Conduite de Jean dans sa première affaire d’honneur.


Dès son arrivée au régiment, Jean avait éprouvé une déception dont il s’était bien gardé de dire un mot dans ses lettres. Il était parti plein d’enthousiasme au-devant du danger, et il rencontrait tout d’abord l’ennui et même quelques dégoûts. Il avait cru, dans son ardeur, qu’il suffit de dire : « Je vais me battre, » pour marcher droit à l’ennemi, et le régiment ne recevait pas d’ordres ; et il lui fallait, bon gré mal gré, ronger son frein et mener la vie de garnison. Quand il parlait de son désir d’assister à une bataille, il était tout surpris de voir quelques-uns de ses camarades lever les épaules et répondre qu’on en verrait assez tôt comme cela.

Quelques jours après son arrivée, un grand escogriffe de mauvaise mine, avec des yeux trop rapprochés et un grand nez crochu qui tombait sur des moustaches hérissées, l’avait pris à part et lui avait dit :

« Conscrit, comment t’appelles-tu ?

— Jean Defert.

— Bien ! moi je m’appelle Bouilleron.

— Ah ! reprit Jean, sans rien trouver autre chose à répondre.

— As-tu le sac ? demanda Bouilleron en louchant de ses yeux trop rapprochés.

— Quel sac ? demanda Jean avec surprise.

— Quel sac ? Mais celui-là ! » Et le fusilier Bouilleron faisait le simulacre de compter de l’argent avec sa main droite dans la paume de sa main gauche.

Jean se mit à rire, et dit qu’en effet il avait quelque argent.

« Alors, reprit Bouilleron avec un sourire qui lui fit remonter ses moustaches à la moitié des joues, tu me plais, tu es mon ami. Tu m’entends ; rappelle-toi que c’est moi qui suis ton ami Bouilleron, et non pas les autres. Vois-tu, mon bonhomme, ajouta-t-il en clignant l’œil, veille bien sur tes connaissances ; il y a comme cela, dans les régiments, un tas de mauvais sujets.

— Je vous remercie, répondit Jean, et je me souviendrai de votre avis.

— Attends-moi après l’exercice ; nous nous promènerons ensemble et je te ferai voir la ville. »

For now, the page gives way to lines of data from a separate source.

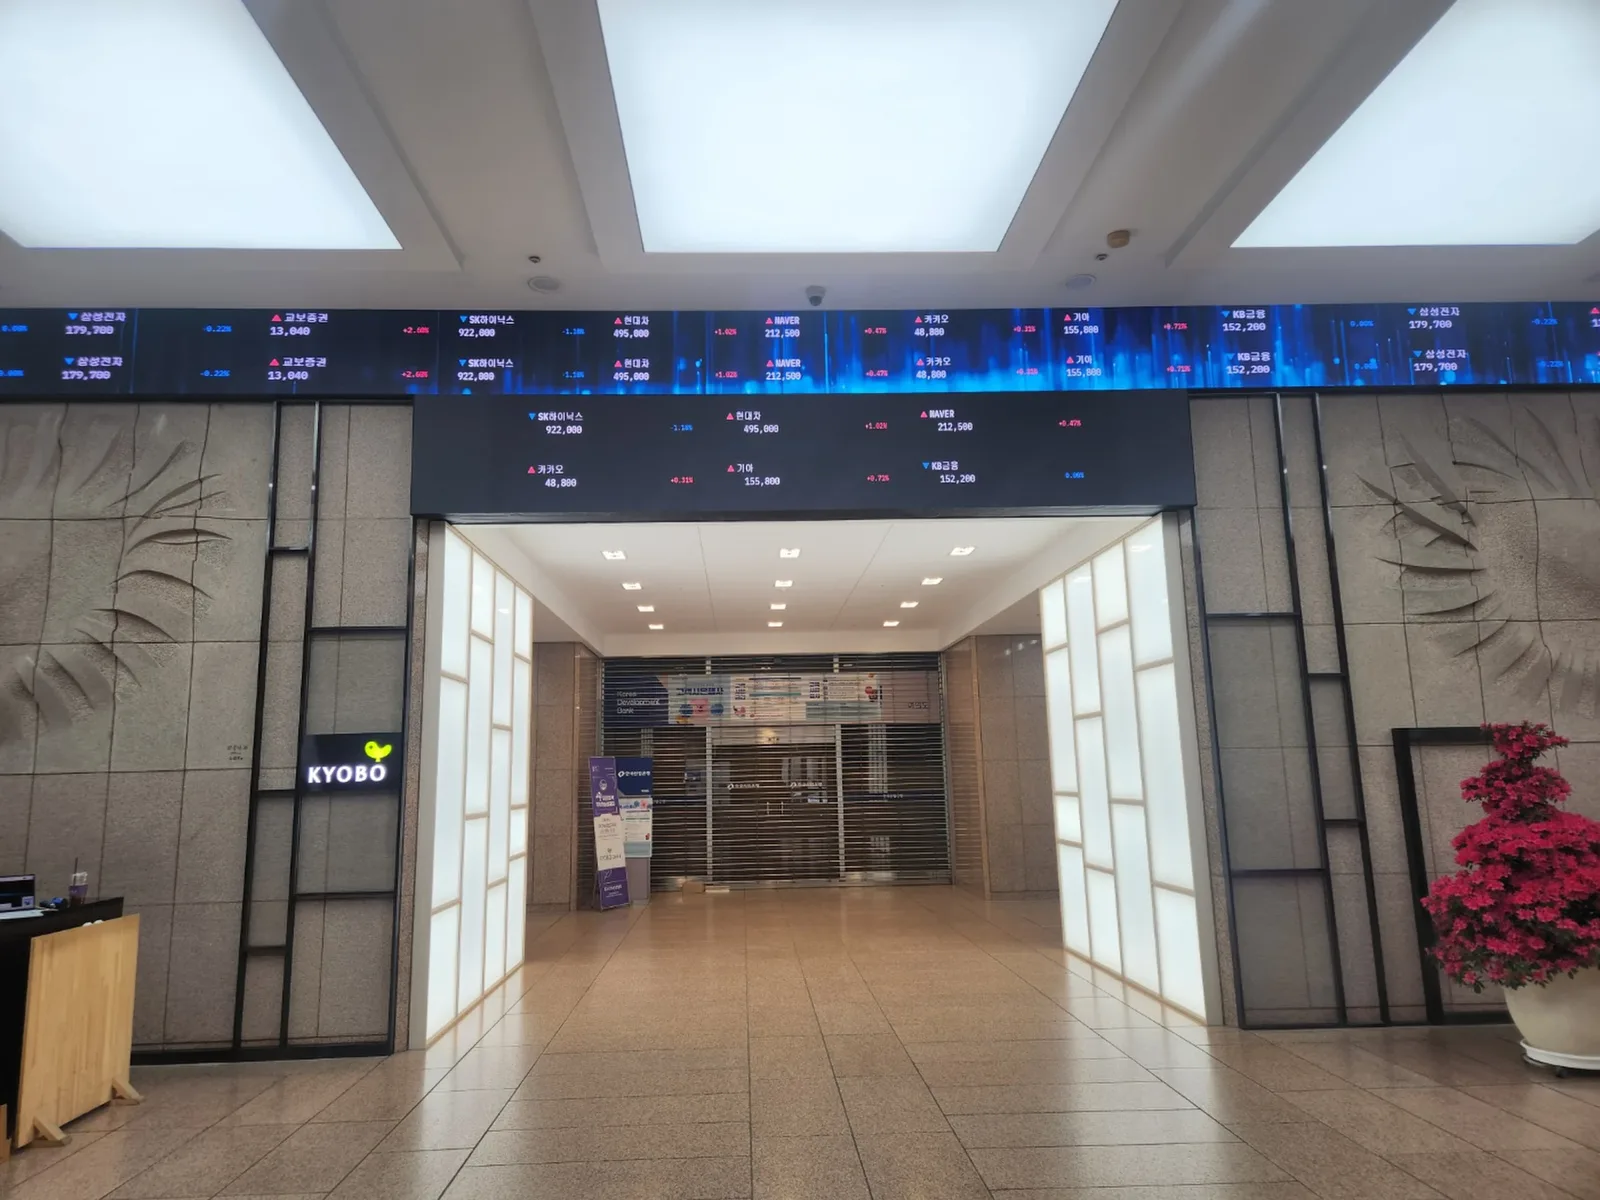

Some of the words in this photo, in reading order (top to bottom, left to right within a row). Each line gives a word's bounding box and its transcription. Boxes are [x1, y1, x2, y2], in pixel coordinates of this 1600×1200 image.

[81, 312, 126, 322] 삼성전자
[1073, 312, 1089, 322] 기아
[1233, 310, 1265, 319] KB금융
[1420, 308, 1460, 316] 삼성전자
[284, 312, 328, 323] 교보증권
[469, 315, 514, 325] SK하이닉스
[624, 316, 649, 326] 현대차
[775, 316, 799, 325] NAVER
[924, 314, 948, 324] 카카오
[1223, 323, 1266, 332] 152,200
[1409, 320, 1452, 329] 179,700
[66, 325, 113, 336] 179,700
[270, 326, 310, 337] 13,040
[459, 328, 495, 338] 922,000
[614, 328, 649, 338] 495,000
[765, 328, 800, 338] 212,500
[914, 327, 944, 337] 48,800
[1064, 325, 1098, 335] 155,800
[1238, 352, 1271, 362] KB금융
[1425, 350, 1466, 358] 삼성전자
[77, 357, 122, 367] 삼성전자
[283, 357, 326, 368] 교보증권
[469, 358, 513, 368] SK하이닉스
[624, 359, 649, 369] 현대차
[776, 359, 801, 368] NAVER
[926, 357, 950, 366] 카카오
[1076, 355, 1092, 364] 기아
[1226, 365, 1270, 375] 152,200
[1414, 363, 1458, 372] 179,700
[62, 371, 111, 381] 179,700
[268, 371, 308, 382] 13,040
[458, 372, 494, 382] 922,000
[614, 372, 649, 382] 495,000
[766, 371, 801, 381] 212,500
[916, 369, 946, 379] 48,800
[1067, 368, 1101, 378] 155,800
[538, 412, 583, 421] SK하이닉스
[736, 411, 760, 420] 현대차
[929, 410, 954, 418] NAVER
[546, 426, 582, 434] 922,000
[744, 425, 778, 434] 495,000
[938, 422, 973, 432] 212,500
[538, 464, 563, 474] 카카오
[737, 464, 753, 473] 기아
[932, 461, 958, 470] KB금융
[545, 478, 576, 487] 48,800
[745, 477, 780, 486] 155,800
[940, 475, 975, 484] 152,200
[308, 764, 386, 783] KYOBO

Cette proposition plaisait médiocrement à Jean, qui aurait mieux aimé se promener tout seul qu’avec un compagnon d’un extérieur aussi compromettant ; mais il se dit qu’il devait se montrer bon camarade, que le soldat louche était peut-être un brave garçon ; et il surmonta sa répugnance.

Jean s’aperçut bien vite qu’en fait de monuments le fusilier Bouilleron connaissait surtout les cabarets. Au singe vert, le vin était aigre ; à la Gerbe d’or, il était baptisé ; au Bon coing, on y mettait du bois de campêche. Jean s’amusait de ces propos, lorsque Bouilleron, faisant claquer sa langue, lui dit : « Ici, c’est délicieux ! » Et il le prit par le bras pour le faire entrer au Coq hardi.

« Mais, pardon, dit Jean en se dégageant doucement, c’est que… je n’ai pas soif.

— Pas soif ! s’écria Bouilleron avec une surprise qui n’était pas jouée. Un soldat qui n’a pas soif !

— C’est pourtant la vérité, » lui répondit Jean.

Bouilleron fut interdit un instant ; il se grattait le bout du nez.

« Bah ! reprit-il aussitôt, tu boiras sans soif. »

Heureux d’avoir trouvé une solution aussi satisfaisante, il se mit à rire aux éclats.

« C’est que…, reprit Jean tout à fait déconcerté, c’est que… je n’ai pas l’habitude d’aller au cabaret. »

Le fusilier Bouilleron rougit, son nez s’enfonça dans sa moustache et il loucha encore plus désagréablement que d’habitude. Jean était très-confus d’avoir blessé son camarade, et il essayait en balbutiant d’expliquer ses paroles, lorsque la physionomie de Bouilleron s’éclaircit.

« Eh bien ! dit-il, prête-moi cent sous. »

Jean lui mit avec empressement une pièce de cinq francs dans la main, afin de se débarrasser de lui, et, continuant sa promenade tout seul, le laissa entrer au Coq hardi. Le soir, vers l’heure de l’appel, Jean rentrait tranquillement à la caserne, lorsqu’il fut interpellé au coin d’une petite rue par une voix horriblement avinée.

« J’ai des étourdissements, lui cria Bouilleron, avec un sérieux d’ivrogne ; viens me donner le bras, mon garçon, viens ! »

Jean allait passer avec dégoût ; une réflexion l’arrêta. L’heure pressait, cet homme était incapable de rentrer seul à la caserne. Dieu sait ce qui lui arriverait, s’il était obligé de coucher dans la rue !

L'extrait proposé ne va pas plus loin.